In the central square he found a line of waiting men. These are kraki hunters? He had expected young heroes in warriors’ gear. Instead, the men were weaponless and wore tattered clothing. Leif was shorter than all of them. He marched up to the man at the front.

“I’m here to join today’s hunt.”

The man laughed and waved him away.

“Back of the line, runt!”

Seeing sneers from others, Leif stifled protest and shuffled to the rear. Nervous, he reached for the bone flute. The texture of the delicate tube, with its five finger holes, was familiar and comforting. Ancient slender runes were etched all over.

“What’s that, boy?” a voice growled.

Sunken eyes stared from under a hood. Leif tucked the flute back into his tunic.

“Nothing. A family heirloom. For good luck.”

The sunken eyes narrowed.

“Strange old markings like that, maybe you got a charmed relic there. Worth good coin to folk who believe in such things. Give me a fair cut and I’ll hook us a buyer.”

The man grinned, revealing rotten teeth.

“No, thanks,” Leif said. He had made a mistake by revealing the flute. He changed the subject.

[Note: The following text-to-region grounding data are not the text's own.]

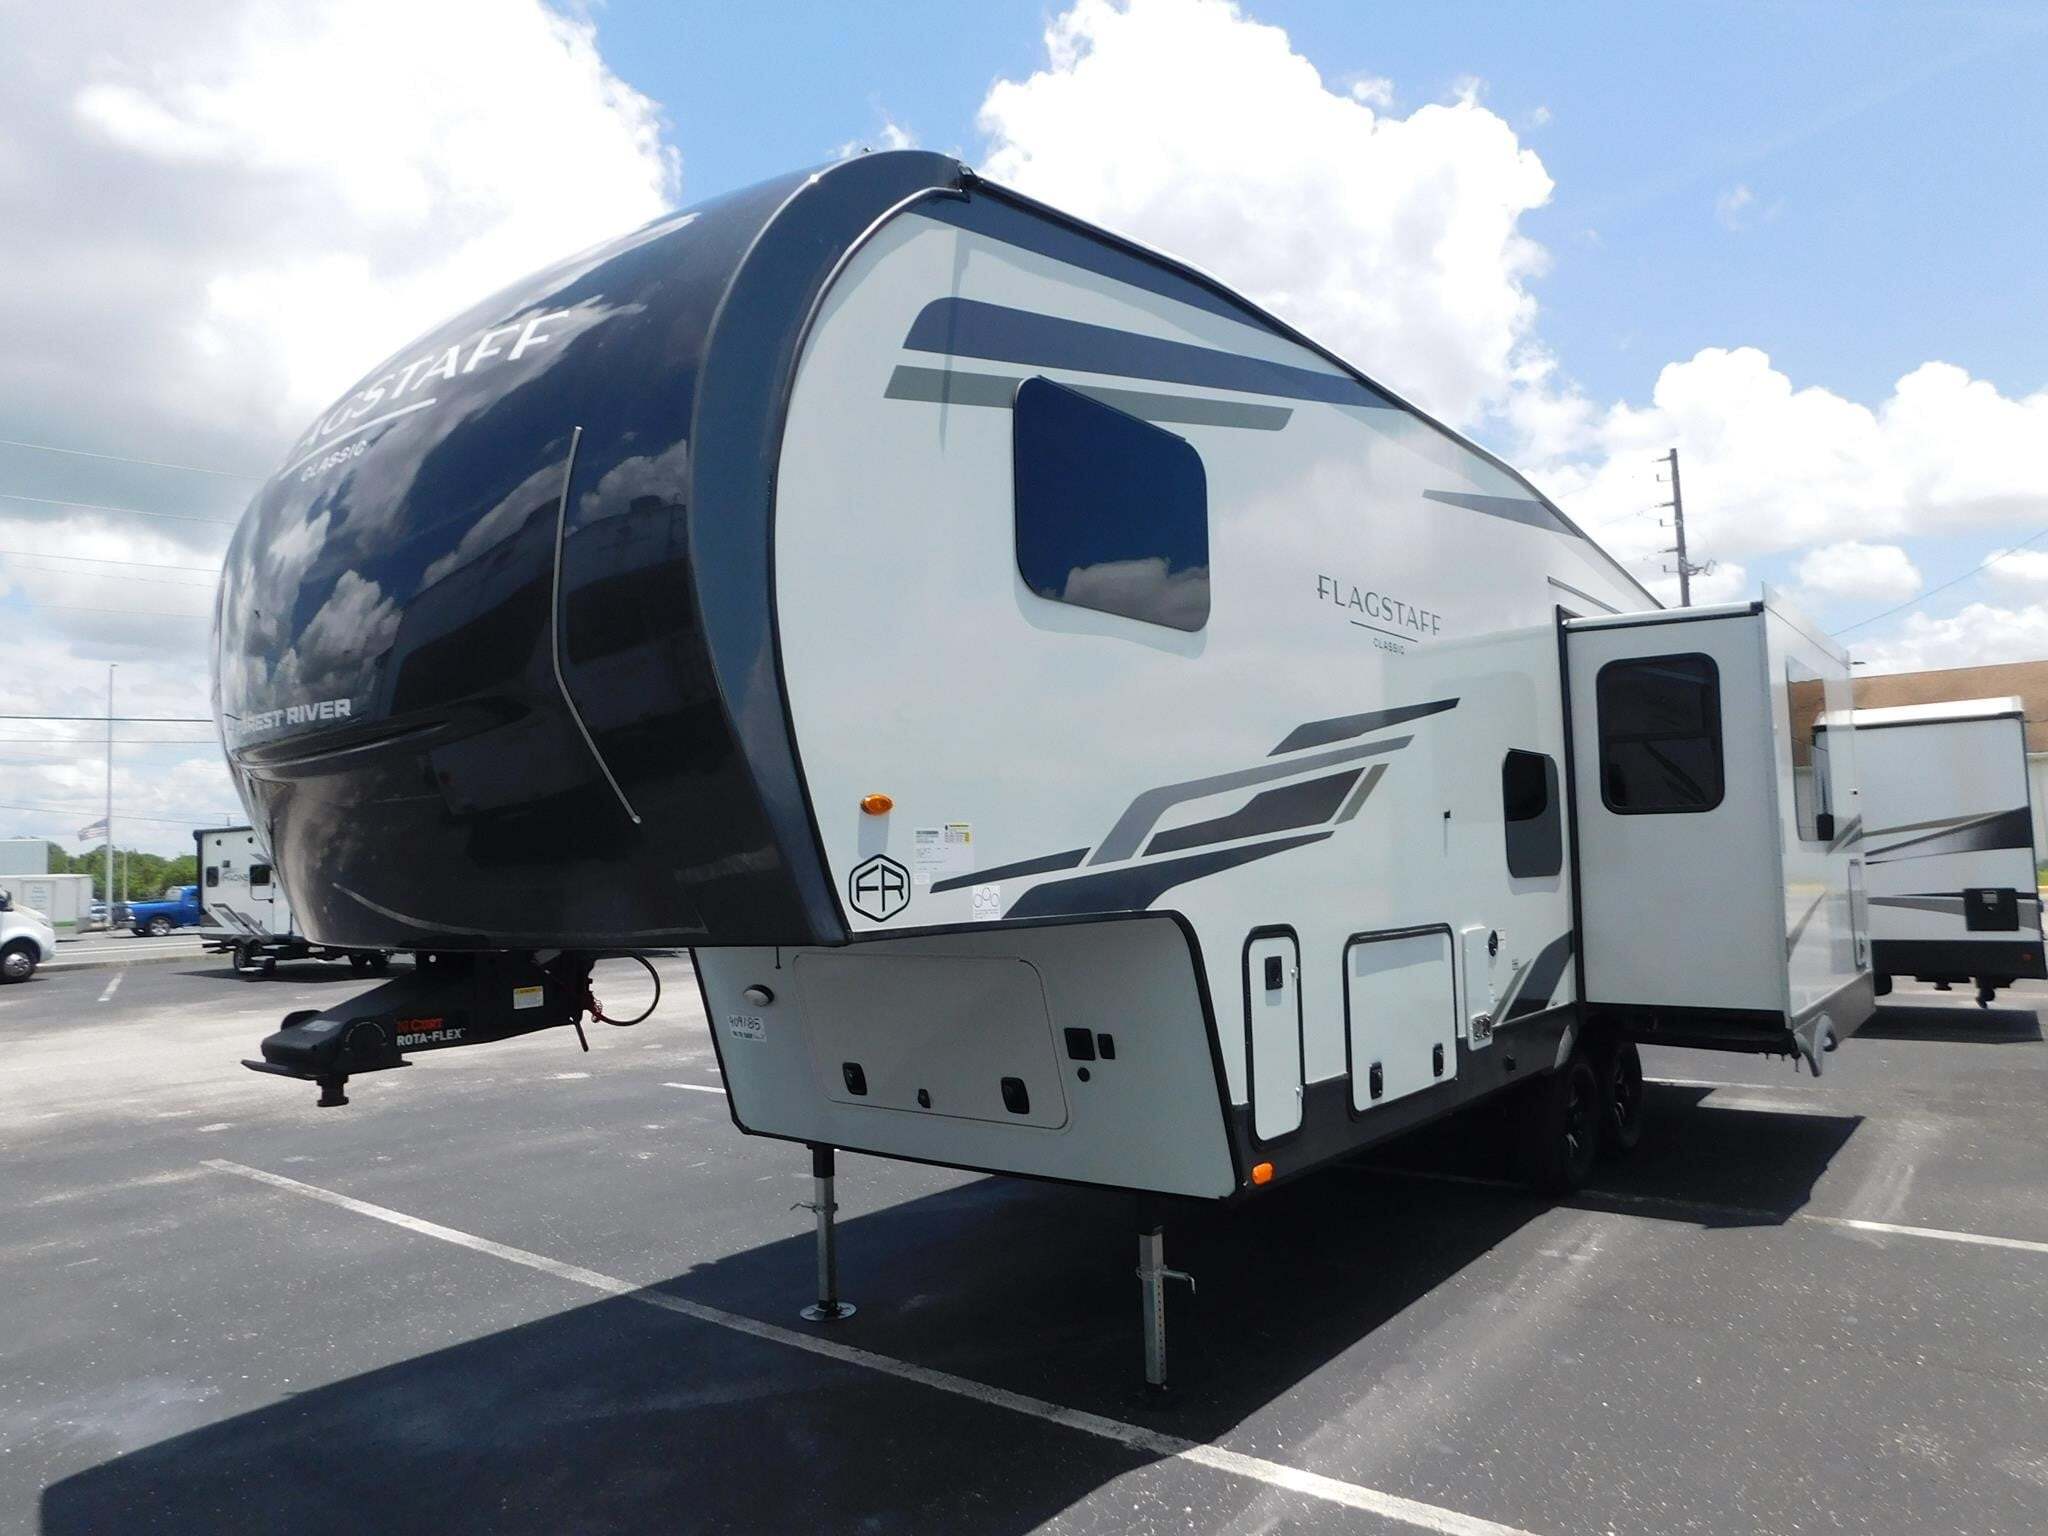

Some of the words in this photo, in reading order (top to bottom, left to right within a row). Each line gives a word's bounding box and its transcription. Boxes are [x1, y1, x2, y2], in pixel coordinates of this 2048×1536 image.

[298, 310, 569, 447] AGSTAFF
[301, 439, 368, 482] CLASSIC
[1317, 574, 1441, 636] FLAGSTAFF
[1372, 638, 1405, 655] CLASSIC
[285, 699, 352, 725] RIVER

“You’ve done a hunt before?”

“Survived my share. Quick way to buy the next round of drinks, if you don’t mind wagering your life.”

“How much do we get paid?”

“Got to get picked first, boy. Once she gets a look at you... Well, that’s when you’ll know if you’re in or not.”

There was a commotion as a group in armour arrived in the square pulling a wagon stacked with iron lances. The man turned away from Leif. The selection was starting.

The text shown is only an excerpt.